Taking Laplace transforms of $\map x \tau$ and $\map y \tau$:

 $\ds \map {\laptrans {\map x \tau} } \sigma$ $=$ $\ds \frac 1 {\sigma - i}$ from above $\ds \map {\laptrans {\map y \tau} } \sigma$ $=$ $\ds \frac 1 {\sigma - i}$ from above

So $\map x \theta$ and $\map y \theta$ have the same Laplace transforms for $\theta < 0$.
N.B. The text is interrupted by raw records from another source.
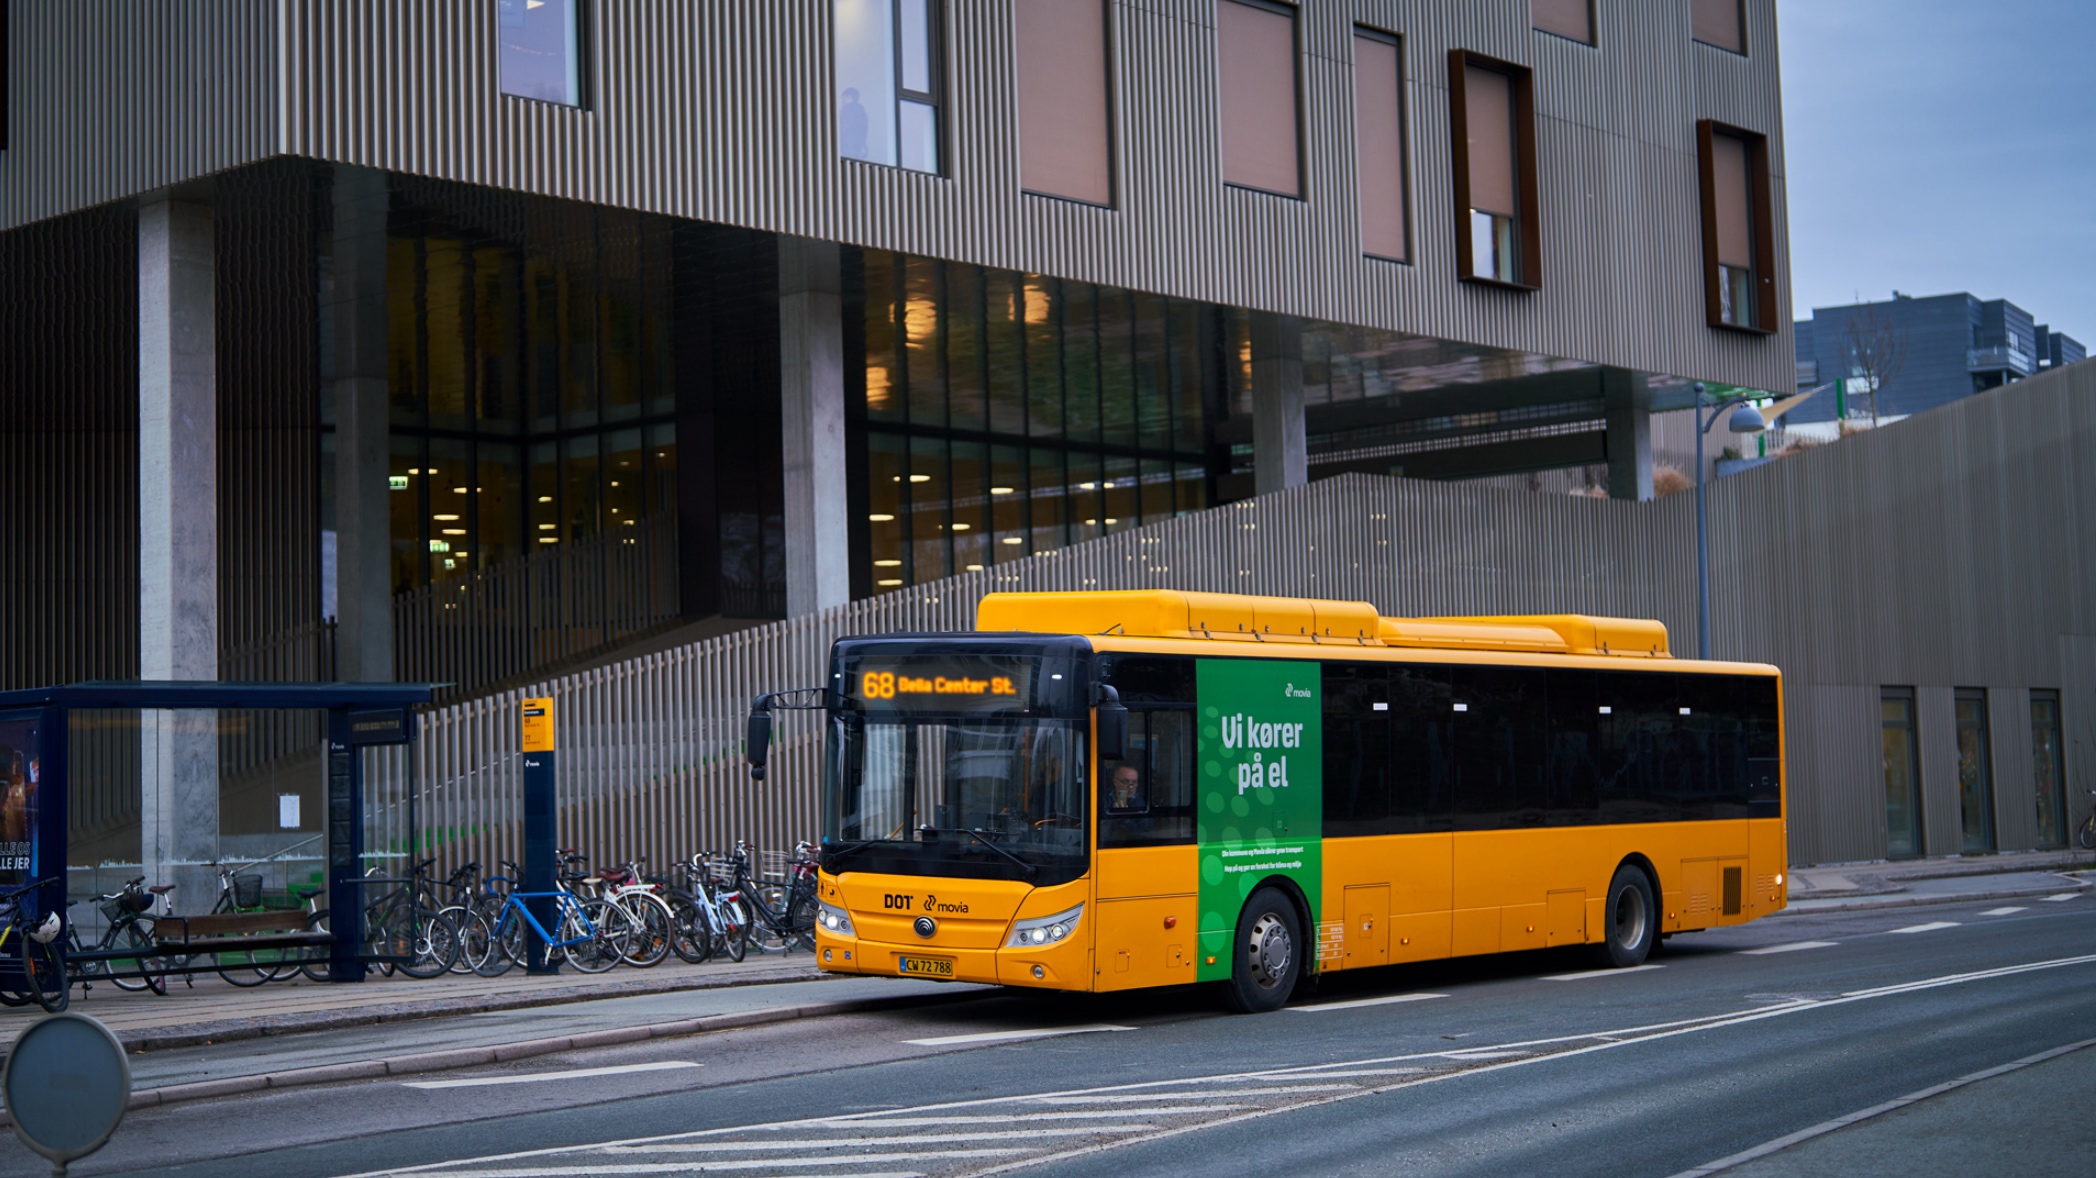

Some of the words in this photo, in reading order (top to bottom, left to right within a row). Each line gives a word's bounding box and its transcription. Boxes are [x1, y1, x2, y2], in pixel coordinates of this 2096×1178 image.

[863, 672, 895, 699] 68
[898, 676, 933, 693] Bella
[934, 676, 989, 694] Center
[991, 676, 1016, 695] St.
[1293, 688, 1311, 697] movia
[1222, 713, 1242, 749] Vi
[1247, 716, 1304, 749] kører
[1238, 752, 1264, 796] på
[1268, 755, 1289, 788] el
[17, 841, 31, 856] OS
[0, 857, 12, 870] LE
[13, 857, 30, 870] JER
[884, 894, 911, 910] DOT
[937, 902, 969, 913] movia
[906, 959, 919, 971] CW
[920, 961, 932, 972] 72
[934, 961, 951, 973] 788
The result follows from Injectivity of Laplace Transform.

$\blacksquare$

Proof 5

 $\ds \cos \theta + i \sin \theta$ $=$ $\ds \sum_{n \mathop = 0}^\infty \paren {-1}^n \dfrac {\theta^{2 n} } {\paren {2 n}!} + i \sum_{n \mathop = 0}^\infty \paren {-1}^n \dfrac {\theta^{2 n + 1} } {\paren {2 n + 1}!}$ Definition of Complex Cosine Function and Definition of Complex Sine Function $\ds$ $=$ $\ds \sum_{n \mathop = 0}^\infty \paren {\paren {-1}^n \dfrac {\theta^{2 n} } {\paren {2 n}!} + i \paren {-1}^n \dfrac {\theta^{2 n + 1} } {\paren {2 n + 1}!} }$ Sum of Absolutely Convergent Series $\ds$ $=$ $\ds \sum_{n \mathop = 0}^\infty \paren {\dfrac {\paren {i \theta}^{2 n} } {\paren {2 n}!} + \dfrac {\paren {i \theta}^{2 n + 1} } {\paren {2 n + 1}!} }$ Definition of Imaginary Unit $\ds$ $=$ $\ds \sum_{n \mathop = 0}^\infty \dfrac {\paren {i \theta}^n} {n!}$ $\ds$ $=$ $\ds e^{i \theta}$ Definition of Complex Exponential Function

$\blacksquare$

Proof 6

 $\ds \int \frac {\d x} {\sqrt {x^2 + 1} }$ $=$ $\ds \map \ln {\sqrt {x^2 + 1} + x }$ Primitive of Reciprocal of Root of x squared plus a squared/Logarithm Form and $a = 1$ $\ds \int \frac {i\cos \theta \rd \theta } {\sqrt {1 - \sin^2 \theta} }$ $=$ $\ds \map \ln {\sqrt {1 - \sin^2 \theta} + i \sin \theta }$ $x = i \sin \theta$; $\d x = i\cos \theta \rd \theta$ $\ds \int \frac {i\cos \theta \rd \theta } {\sqrt {\cos^2 \theta} }$ $=$ $\ds \map \ln {\sqrt {\cos^2 \theta} + i \sin \theta }$ Sum of Squares of Sine and Cosine $\ds i\int \rd \theta$ $=$ $\ds \map \ln {\cos \theta + i \sin \theta }$ $\ds i \theta$ $=$ $\ds \map \ln {\cos \theta + i \sin \theta }$ $\ds e^{i \theta}$ $=$ $\ds \cos \theta + i \sin \theta$

$\blacksquare$

Examples

Example: $e^{i \pi / 4}$

$e^{i \pi / 4} = \dfrac {1 + i} {\sqrt 2}$

Example: $e^{i \pi / 2}$

$e^{i \pi / 2} = i$

Example: $e^{-i \pi / 2}$

$e^{-i \pi / 2} = -i$

Example: $e^{i \pi}$

$e^{i \pi} = -1$

Example: $e^{2 i \pi}$

$e^{2 i \pi} = 1$

Example: $e^{2 k i \pi}$

$\forall k \in \Z: e^{2 k i \pi} = 1$

Also known as

Euler's Formula in this and its corollary form are also found referred to as Euler's Identities, but this term is also used for the specific example:

$e^{i \pi} + 1 = 0$

It is wise when referring to it by name, therefore, to ensure that the equation itself is also specified.

Source of Name

This entry was named for Leonhard Paul Euler.